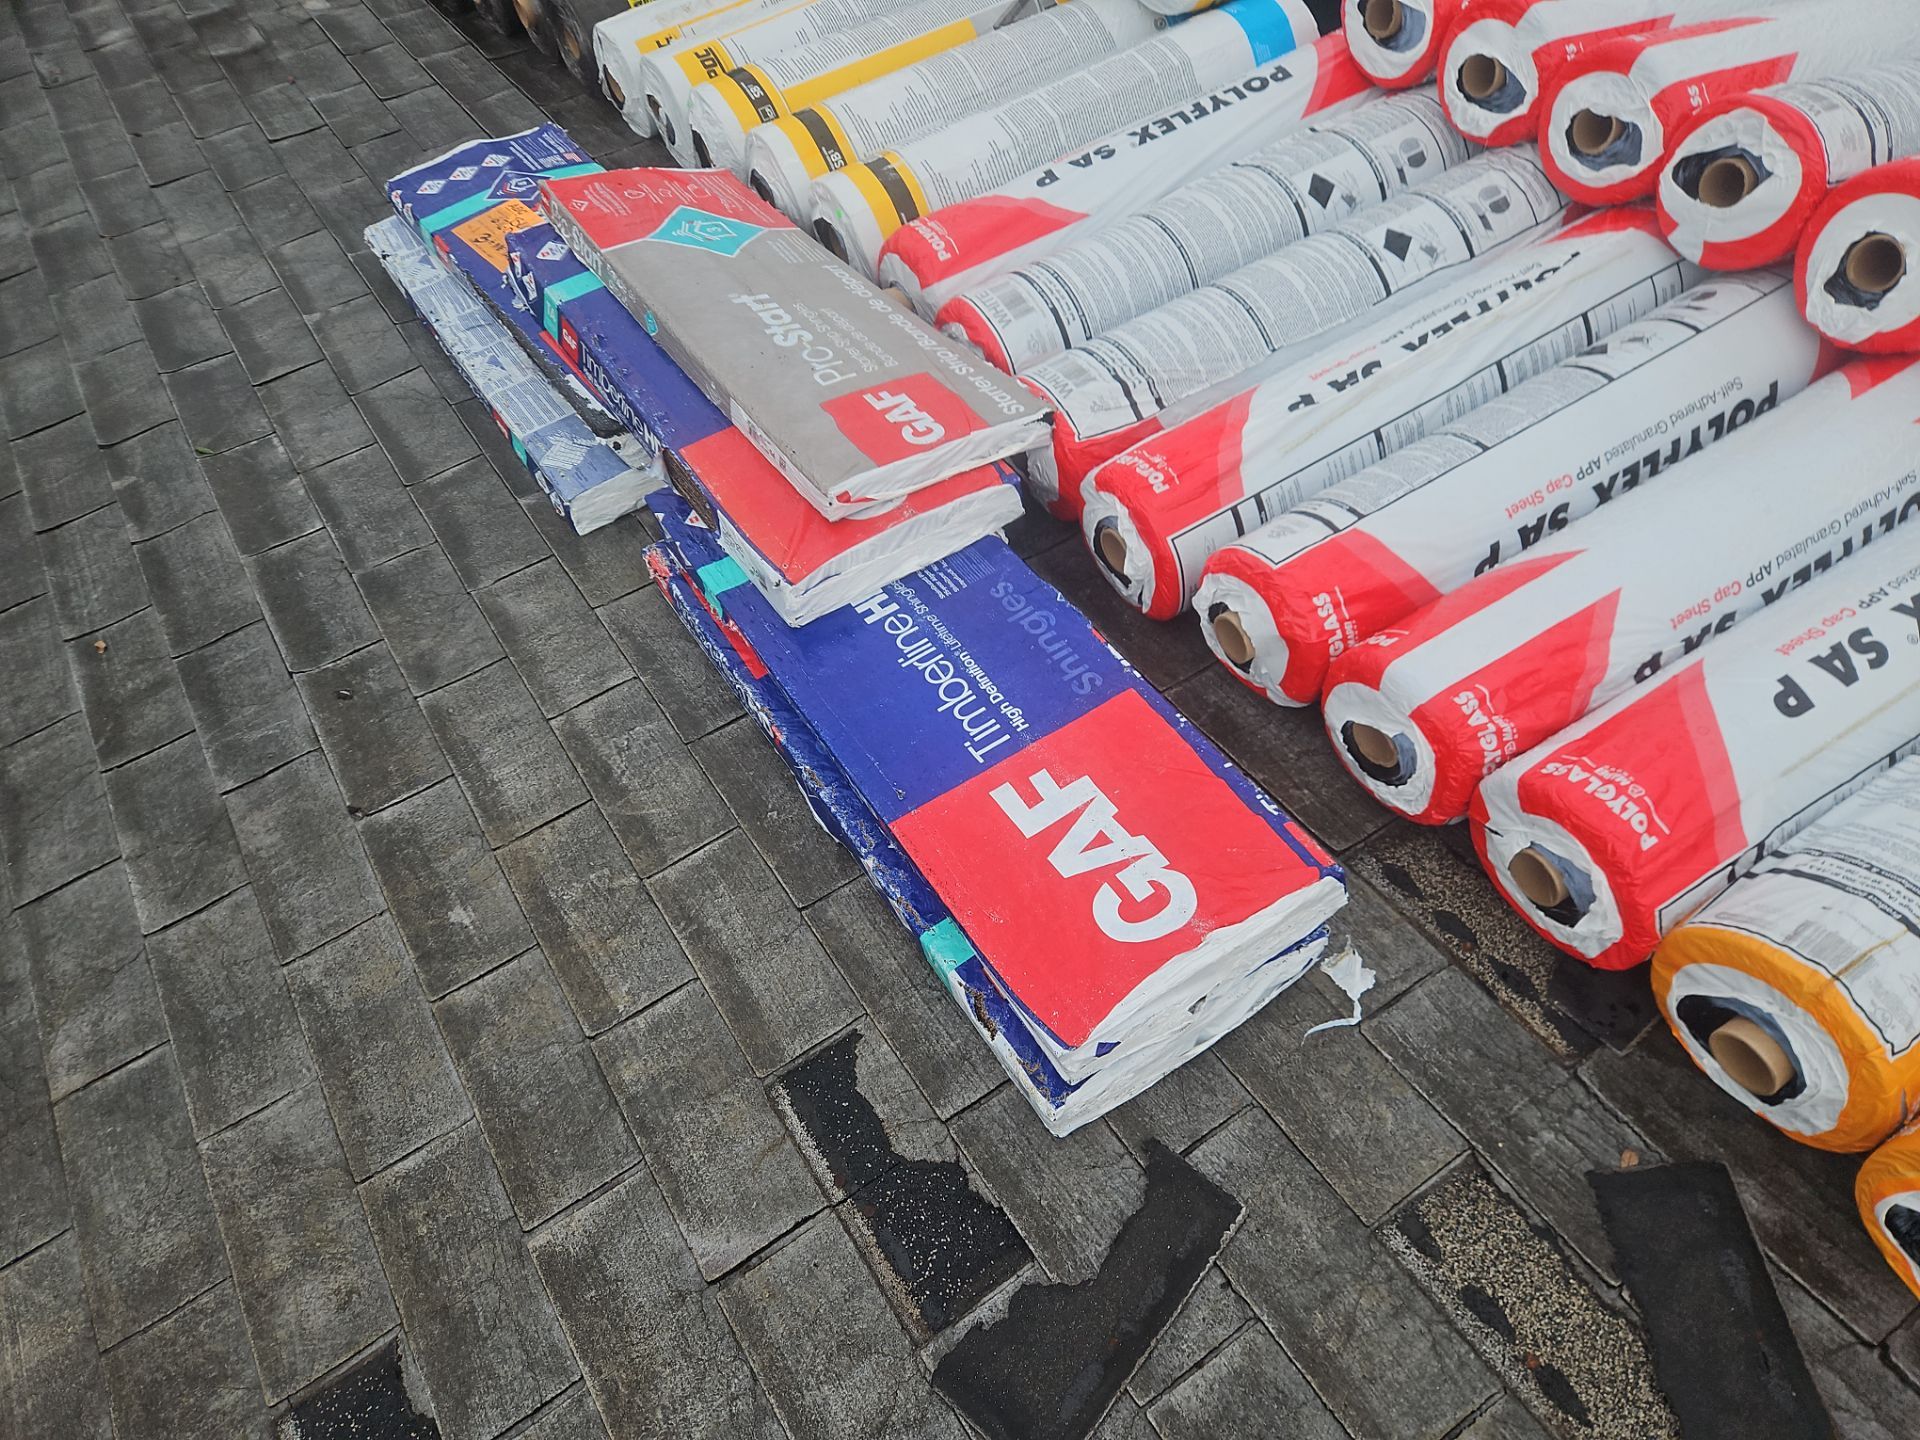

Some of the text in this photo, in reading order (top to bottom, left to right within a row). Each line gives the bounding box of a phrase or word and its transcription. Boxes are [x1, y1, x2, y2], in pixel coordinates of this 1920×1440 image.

[1034, 63, 1293, 189] POLYFLEX SA P
[866, 297, 893, 313] de
[974, 287, 1014, 330] WHITE
[862, 379, 948, 450] GAF
[966, 374, 1025, 415] Starter
[1503, 374, 1743, 521] Self-Adhered Granulated APP Cap Sheet
[1744, 560, 1773, 588] APP
[1773, 517, 1843, 571] Granulated
[1669, 597, 1712, 631] Sheet
[1712, 578, 1742, 605] Cap
[1775, 587, 1889, 656] APP Cap Sheet
[988, 576, 1107, 698] Shingles
[850, 586, 1011, 763] TimberlineH
[1773, 628, 1890, 718] SA P
[997, 700, 1029, 732] High
[1539, 763, 1660, 851] POLYGLASS
[989, 769, 1198, 943] GAF
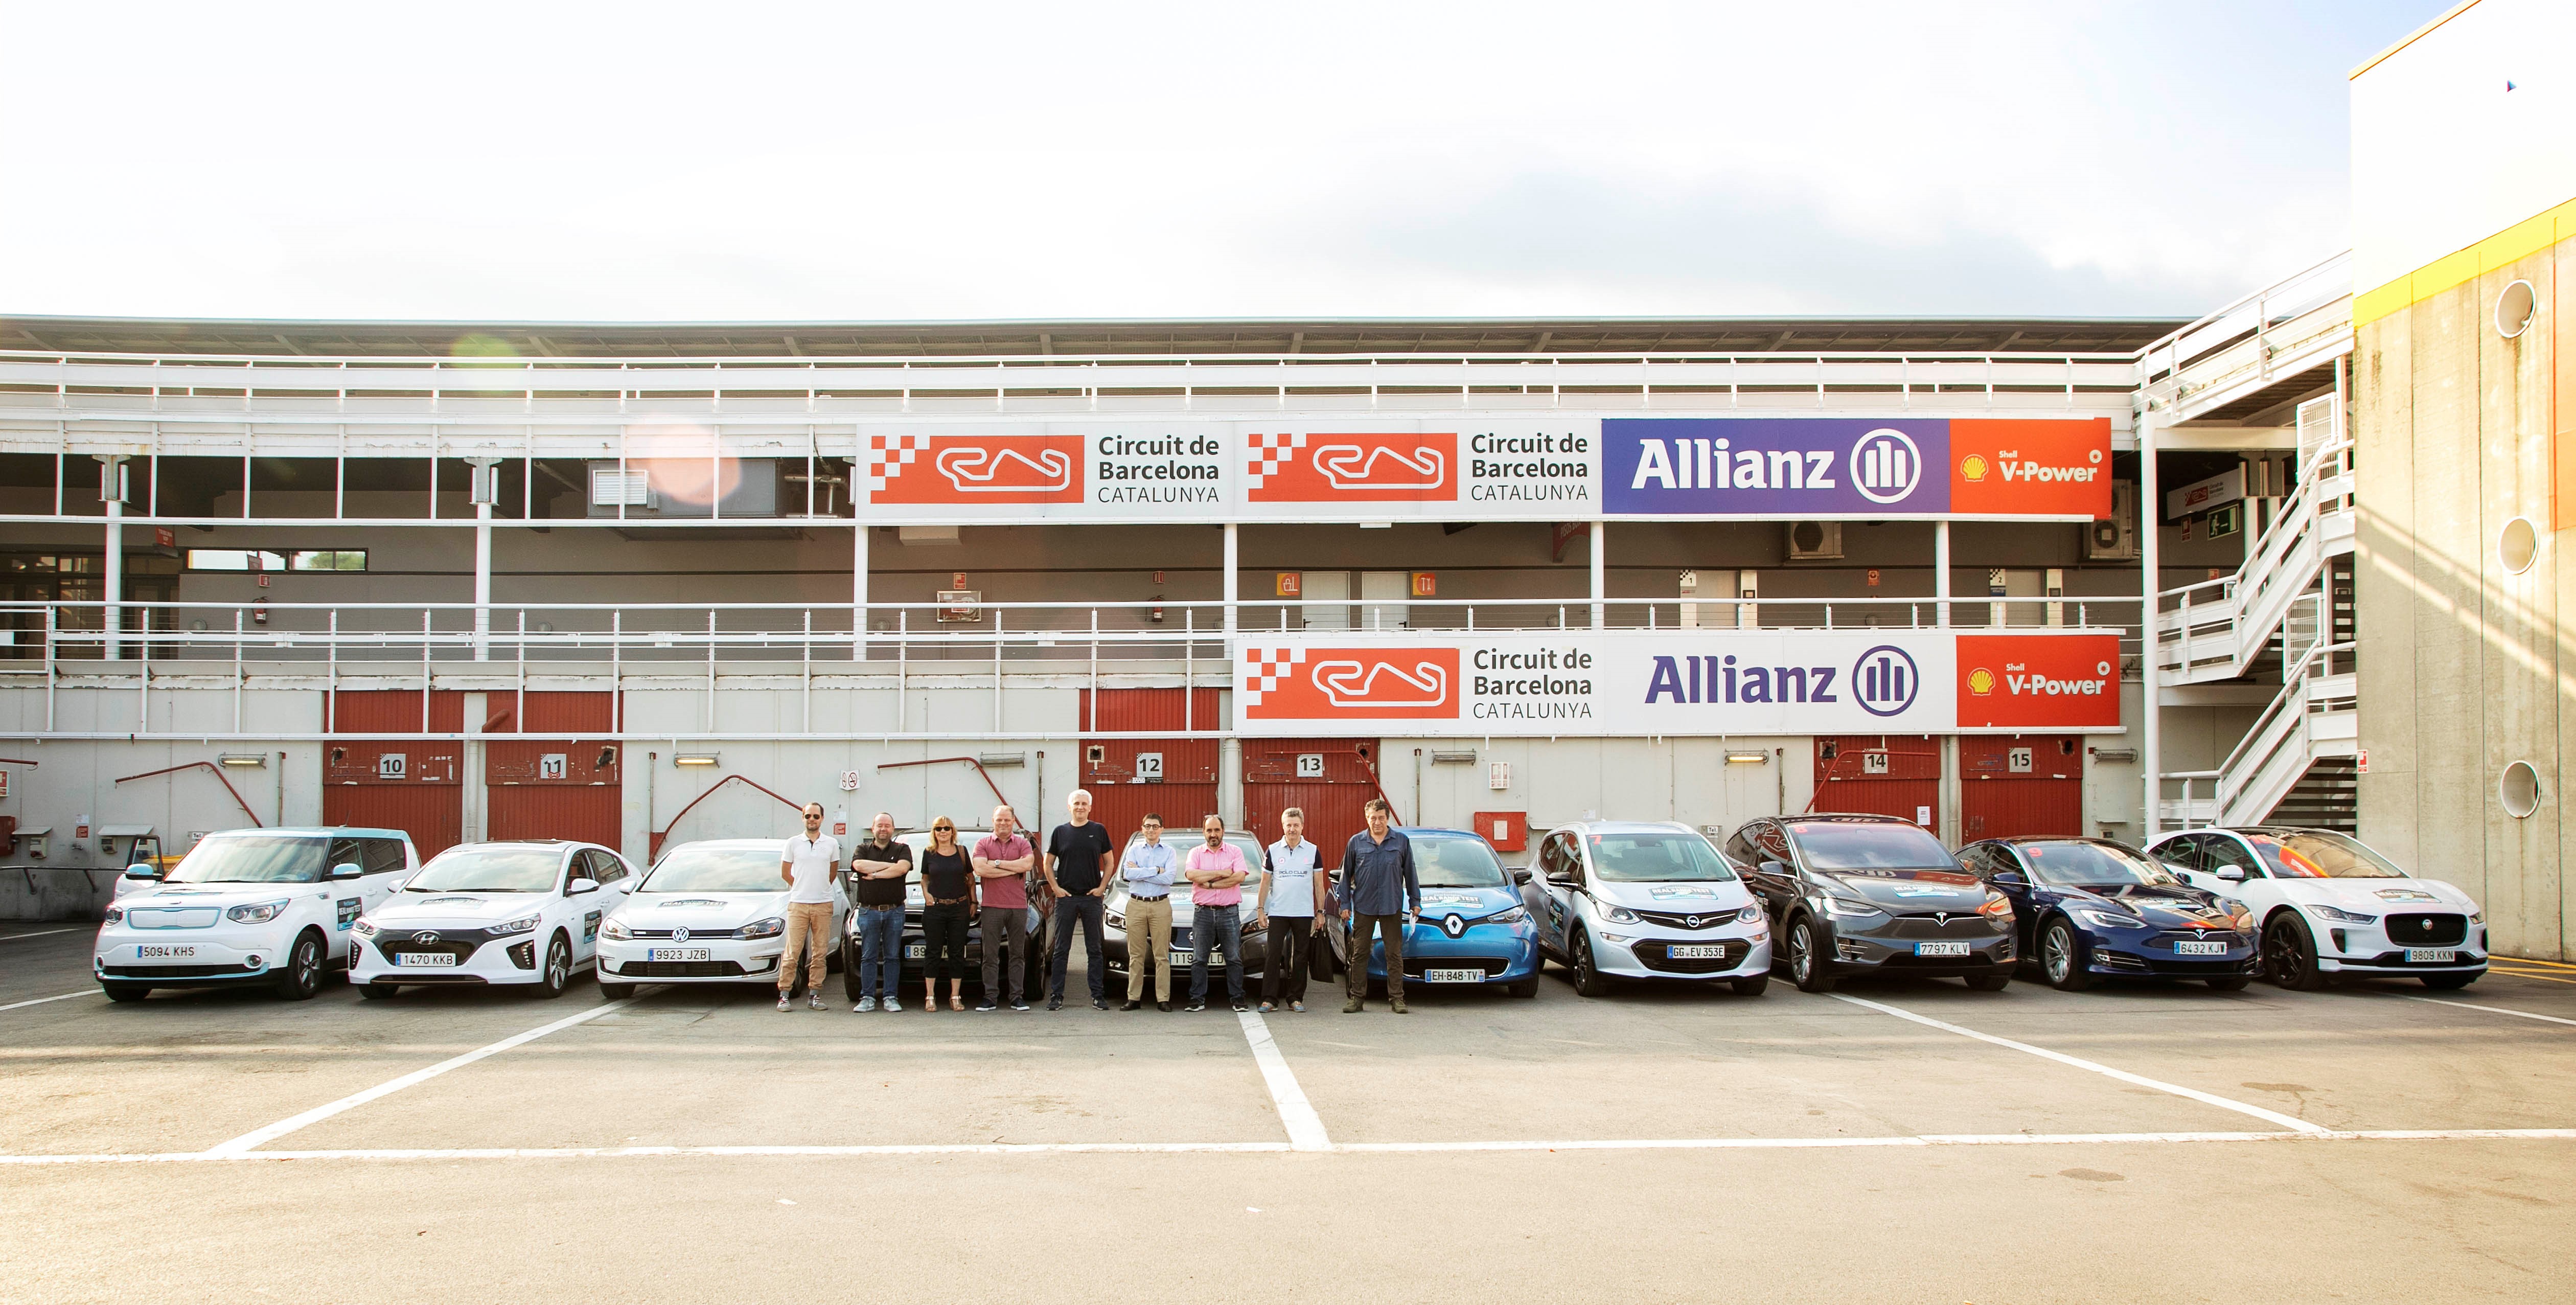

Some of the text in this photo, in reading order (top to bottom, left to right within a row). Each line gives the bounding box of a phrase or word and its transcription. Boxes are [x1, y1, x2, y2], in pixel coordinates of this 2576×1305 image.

[1099, 434, 1219, 455] Circuit de
[1471, 432, 1588, 453] Circuit de
[1099, 460, 1218, 479] Barcelona
[1473, 458, 1588, 477] Barcelona
[1631, 438, 1835, 489] Allianz
[1998, 461, 2098, 482] V-Power
[1098, 487, 1219, 502] CATALUNYA
[1471, 485, 1588, 500] CATALUNYA
[1474, 648, 1592, 670] Circuit de
[1475, 675, 1591, 695] Barcelona
[1645, 655, 1837, 703] Allianz
[2006, 675, 2105, 695] V-Power
[1474, 703, 1592, 718] CATALUNYA
[383, 759, 402, 772] 10
[544, 760, 561, 772] 11
[1139, 759, 1160, 772] 12
[1300, 758, 1320, 771] 13
[1868, 754, 1886, 767] 14
[2012, 754, 2030, 766] 15
[1589, 835, 1602, 845] 7
[2028, 848, 2043, 858] 9
[144, 947, 194, 956] 5094 KHS
[656, 950, 706, 959] 9923 JZB
[1674, 948, 1723, 956] GG EV 353E
[1922, 945, 1967, 954] 7797 KLV
[2181, 945, 2205, 953] 6432
[2412, 951, 2453, 960] 9809 KKN
[405, 955, 453, 965] 1470 KKB
[1175, 954, 1224, 964] 119 LD
[1433, 972, 1478, 980] EH-848-TV
※
→ **Goal of the exercise**:
After removing the pictures, restate the whole listing above word for word.

→ **Result of this task**:
Some of the text in this photo, in reading order (top to bottom, left to right within a row). Each line gives the bounding box of a phrase or word and its transcription. Boxes are [x1, y1, x2, y2], in pixel coordinates of this 1920×1440 image.

[1034, 63, 1293, 189] POLYFLEX SA P
[866, 297, 893, 313] de
[974, 287, 1014, 330] WHITE
[862, 379, 948, 450] GAF
[966, 374, 1025, 415] Starter
[1503, 374, 1743, 521] Self-Adhered Granulated APP Cap Sheet
[1744, 560, 1773, 588] APP
[1773, 517, 1843, 571] Granulated
[1669, 597, 1712, 631] Sheet
[1712, 578, 1742, 605] Cap
[1775, 587, 1889, 656] APP Cap Sheet
[988, 576, 1107, 698] Shingles
[850, 586, 1011, 763] TimberlineH
[1773, 628, 1890, 718] SA P
[997, 700, 1029, 732] High
[1539, 763, 1660, 851] POLYGLASS
[989, 769, 1198, 943] GAF

Some of the text in this photo, in reading order (top to bottom, left to right within a row). Each line gives the bounding box of a phrase or word and its transcription. Boxes are [x1, y1, x2, y2], in pixel coordinates of this 2576×1305 image.

[1099, 434, 1219, 455] Circuit de
[1471, 432, 1588, 453] Circuit de
[1099, 460, 1218, 479] Barcelona
[1473, 458, 1588, 477] Barcelona
[1631, 438, 1835, 489] Allianz
[1998, 461, 2098, 482] V-Power
[1098, 487, 1219, 502] CATALUNYA
[1471, 485, 1588, 500] CATALUNYA
[1474, 648, 1592, 670] Circuit de
[1475, 675, 1591, 695] Barcelona
[1645, 655, 1837, 703] Allianz
[2006, 675, 2105, 695] V-Power
[1474, 703, 1592, 718] CATALUNYA
[383, 759, 402, 772] 10
[544, 760, 561, 772] 11
[1139, 759, 1160, 772] 12
[1300, 758, 1320, 771] 13
[1868, 754, 1886, 767] 14
[2012, 754, 2030, 766] 15
[1589, 835, 1602, 845] 7
[2028, 848, 2043, 858] 9
[144, 947, 194, 956] 5094 KHS
[656, 950, 706, 959] 9923 JZB
[1674, 948, 1723, 956] GG EV 353E
[1922, 945, 1967, 954] 7797 KLV
[2181, 945, 2205, 953] 6432
[2412, 951, 2453, 960] 9809 KKN
[405, 955, 453, 965] 1470 KKB
[1175, 954, 1224, 964] 119 LD
[1433, 972, 1478, 980] EH-848-TV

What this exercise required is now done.